[sc:review nota=4]

A história das crianças de Marte me deixa mais e curioso. A pobre menina rica Kudelia fica mais e mais frustrada com sua própria impotência. A Gjallahorn fica mais e mais agressiva. As relações entre a Terra e Marte podem ficar mais e mais tensas. A batalha acabou, mas apesar da chama apagada os fumos inflamáveis dominam o ar e a cada minuto que passa é mais e mais provável que irrompa novo incêndio. Os garotos da Terceira Unidade venceram, mas estão mais e mais convencidos de que a verdadeira batalha ainda não começou.

Por onde começar? Que tal a bela imagem que ilustra o topo desse artigo? O gundam ajoelhado e de cabeça baixa, fitando sua mão direita entreaberta como se algo tivesse acabado de escapar por entre seus dedos; o sol está baixo, tons sépia dominam a paisagem. Quem desenhou esse quadro não estava para brincadeira. Ele ilustra com artística precisão o resultado da batalha: os garotos venceram sim, mas eles não queriam entrar nessa batalha em primeiro lugar e o preço foi alto demais. Como veteranos de guerra, e não como crianças, eles se comportam de forma séria, sóbria, mas observando pequenas reações em momentos onde são provocados se percebe o quanto estão feridos por dentro e como talvez prefeririam cair de joelhos no chão e chorar, como faz um deles por seu amigo Danji. Eles são crianças, mas não podem chorar. Eles são crianças, mas fazem trabalho pesado e são enviados para a frente do campo de batalha. Quarenta e dois Danjis morreram.

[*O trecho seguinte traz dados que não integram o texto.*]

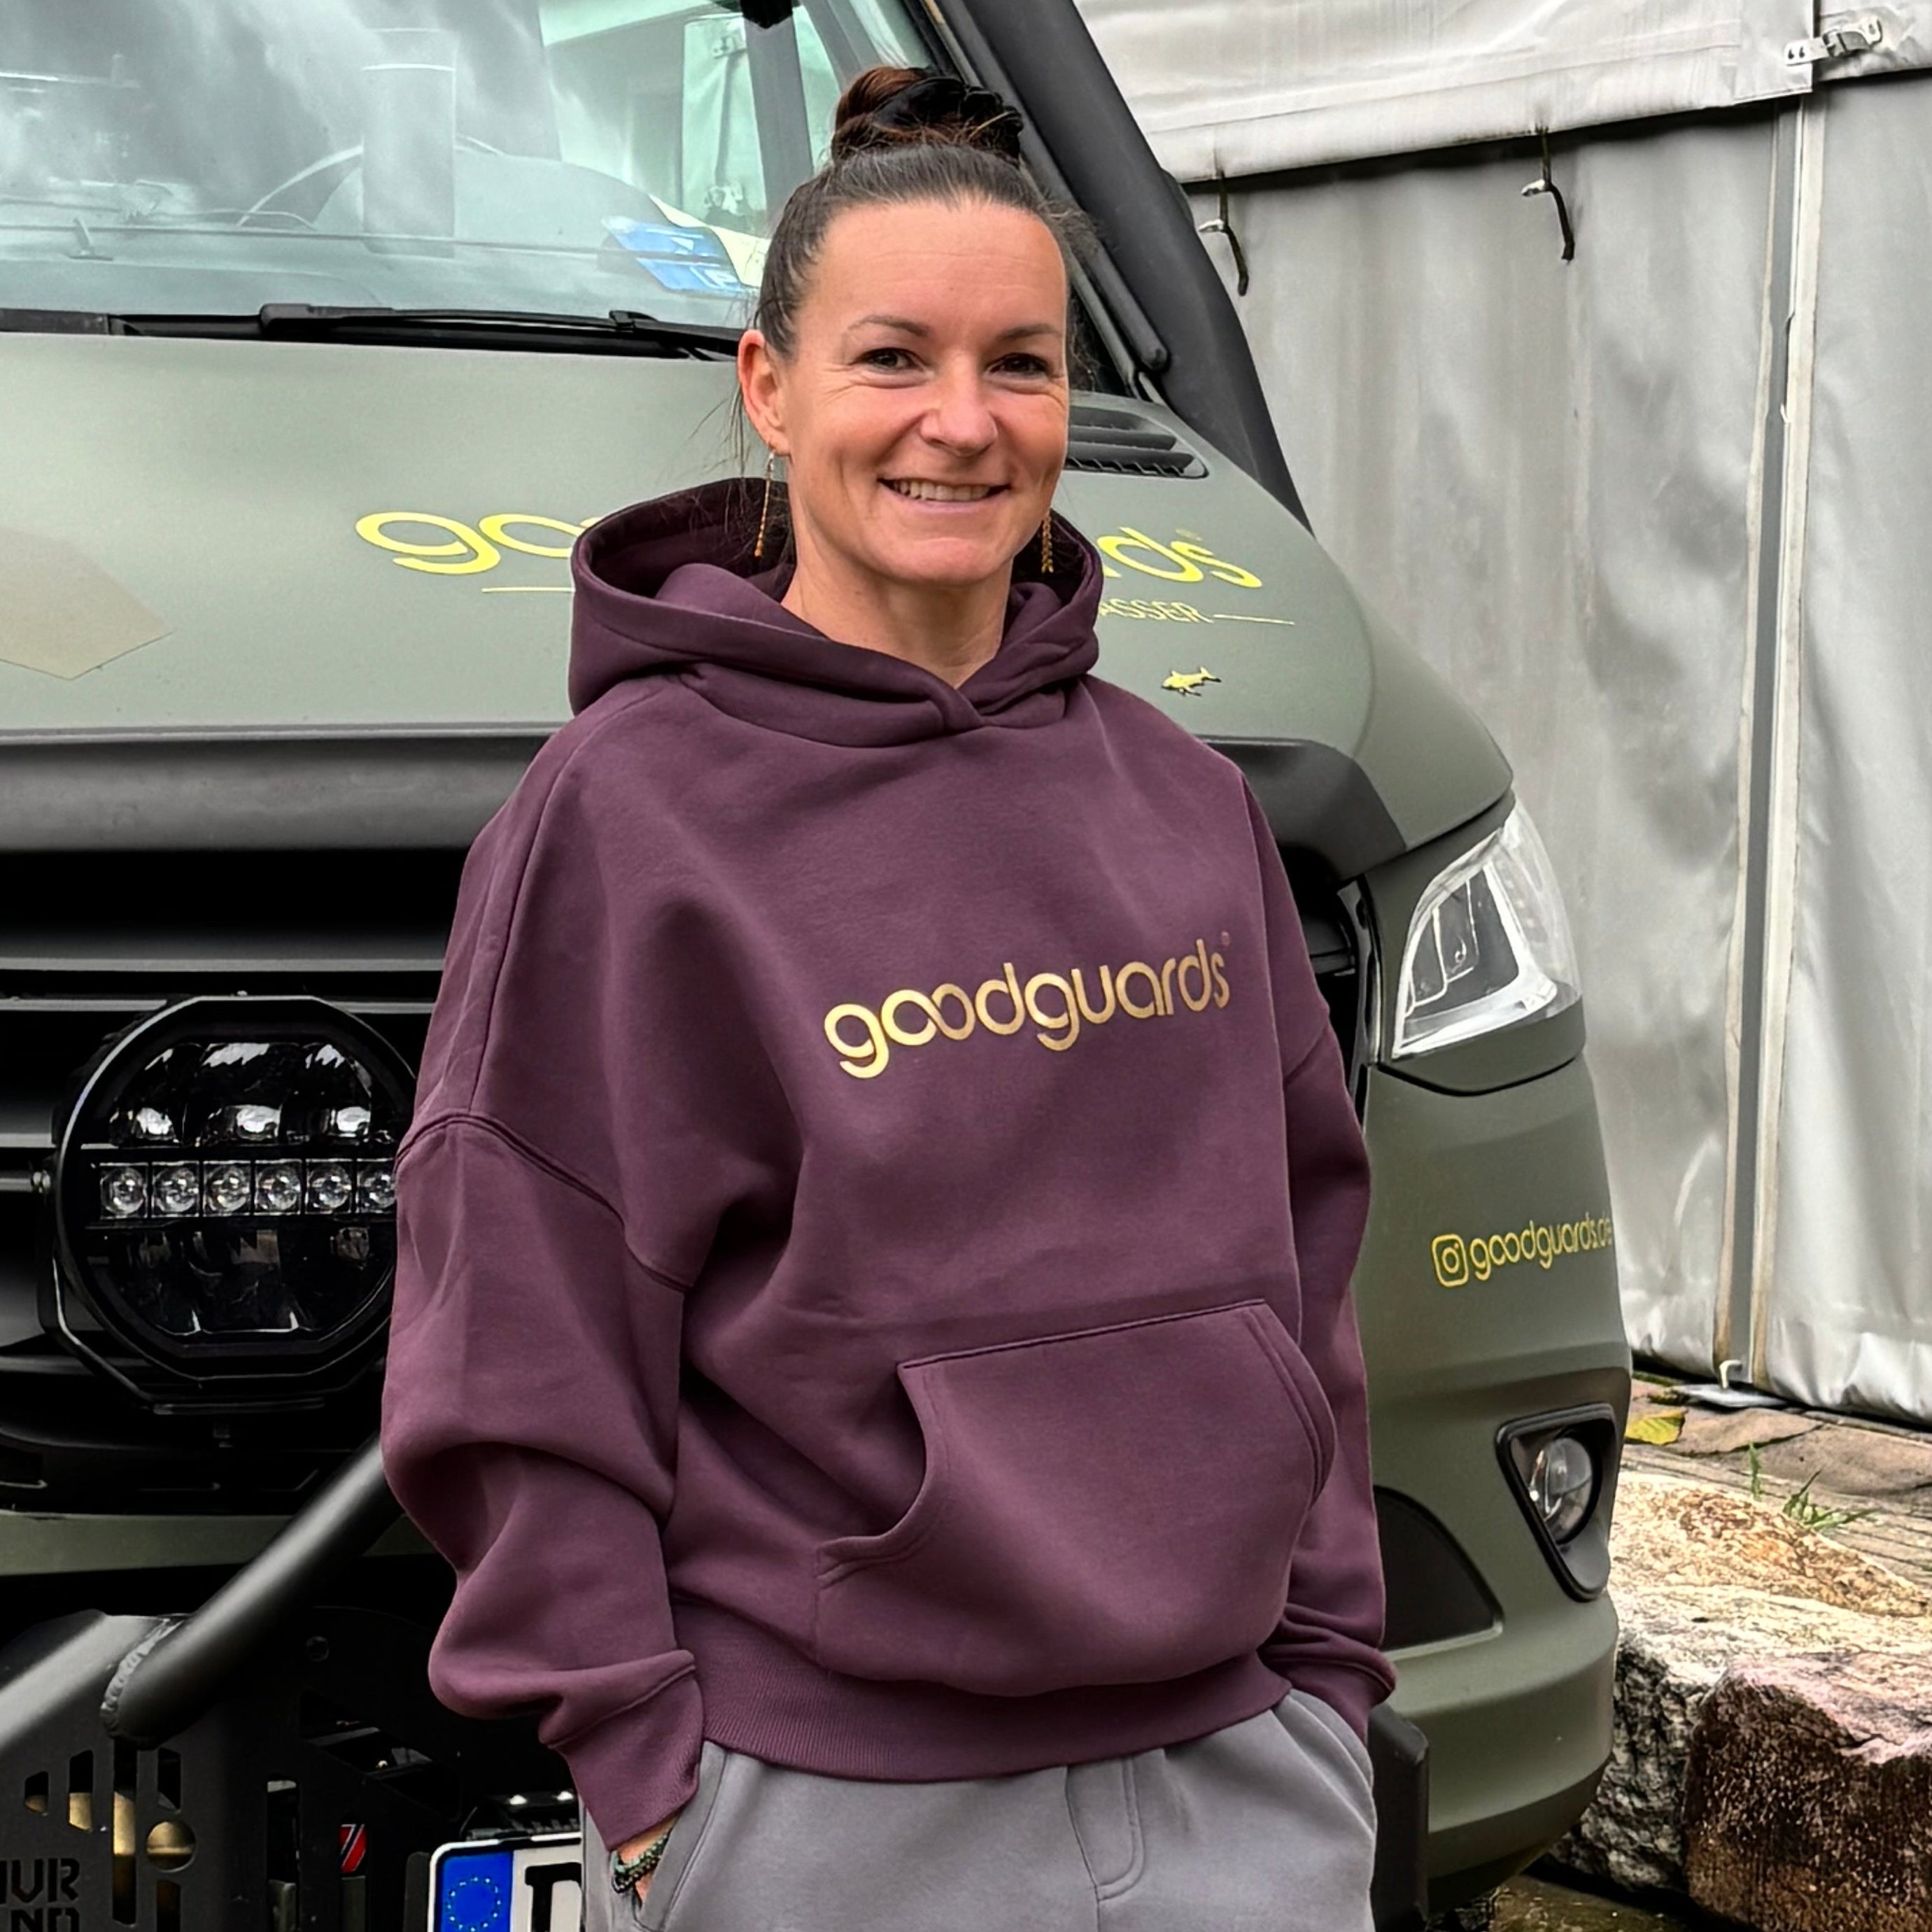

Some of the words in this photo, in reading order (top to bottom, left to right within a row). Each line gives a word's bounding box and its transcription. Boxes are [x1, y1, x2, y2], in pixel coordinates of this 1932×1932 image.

Como a situação chegou a esse ponto?

Como a situação chegou a esse ponto?

O que não é de forma alguma exclusividade das crianças da CGS. Durante um flashback de um discurso da Kudelia são mostradas crianças em condições lastimáveis abandonadas pela cidade. É como se os etíopes das famosas fotos da década de 1980 não estivessem longe em outro continente, mas nas esquinas de nossas próprias cidades. O discurso dá a entender que essas crianças sofrem tanto como resultado da Guerra Calamitosa, mas essa foi há 300 anos atrás, é impossível que eles sejam, como sugere o título do anime, órfãos de guerra. No entanto, devem ser órfãos. Por que há tantos órfãos em Marte e por que eles são tratados como problemas de uma terra distante, embora as pessoas cruzem olhares com eles diariamente?

Mikazuki não está bem para aguentar a (auto?) piedade de Kudelia

Mikazuki não está bem para aguentar a (auto?) piedade de Kudelia

As da CGS são tratadas como se tivessem melhor sorte que as crianças de rua. Em um sentido, isso é verdade: elas têm teto e comida. Mas isso faz parte de sua escravidão – e até agora não me ocorre melhor palavra para descrever a situação delas do que essa. Kudelia parece ser uma das poucas pessoas que se comove com essas crianças, mas mesmo para ela testemunhar a realidade da CGS foi demais. Uma coisa é você conhecer uns pobres coitados de vista. Talvez ela até já tenha ajudado uma, duas, várias crianças nas ruas. Mas aquela é só uma das faces da tragédia que recai sobre os órfãos de Marte. É positivo que ela acrescente essa à causa maior da independência do planeta, mas nem toda a boa vontade do mundo a preparou para o que ela viu na CGS em menos de um dia: a batalha da qual ela sabe que foi a razão. E o que ela pode fazer? Não importa o que tente, soa apenas petulante e prepotente. As crianças morreram por causa dela? Foi, mas ao mesmo tempo não foi.

Kudelia não estava preparada para um choque de realidade

Kudelia não estava preparada para um choque de realidade

Nem pelas pessoas em seus carrões, nem pelos empresários gananciosos, nem pelas meninas ricas militantes: os garotos da CGS sabem que não podem esperar por ninguém. Eles precisam ser protagonistas de seu próprio futuro, eles não podem mais entrar em batalha porque foram forçados, não podem mais vencer apenas reagindo. Eles vão agir, eles irão buscar sua própria batalha e irão lutar. E irão morrer, sim, mas por escolha própria, por causa própria. A liberdade que eles perseguem é muito mais urgente e tangível que a burocrática liberdade de uma colônia de sua metrópole.

Cookie e Cracker? Não vá comer suas irmãs, Biscuit!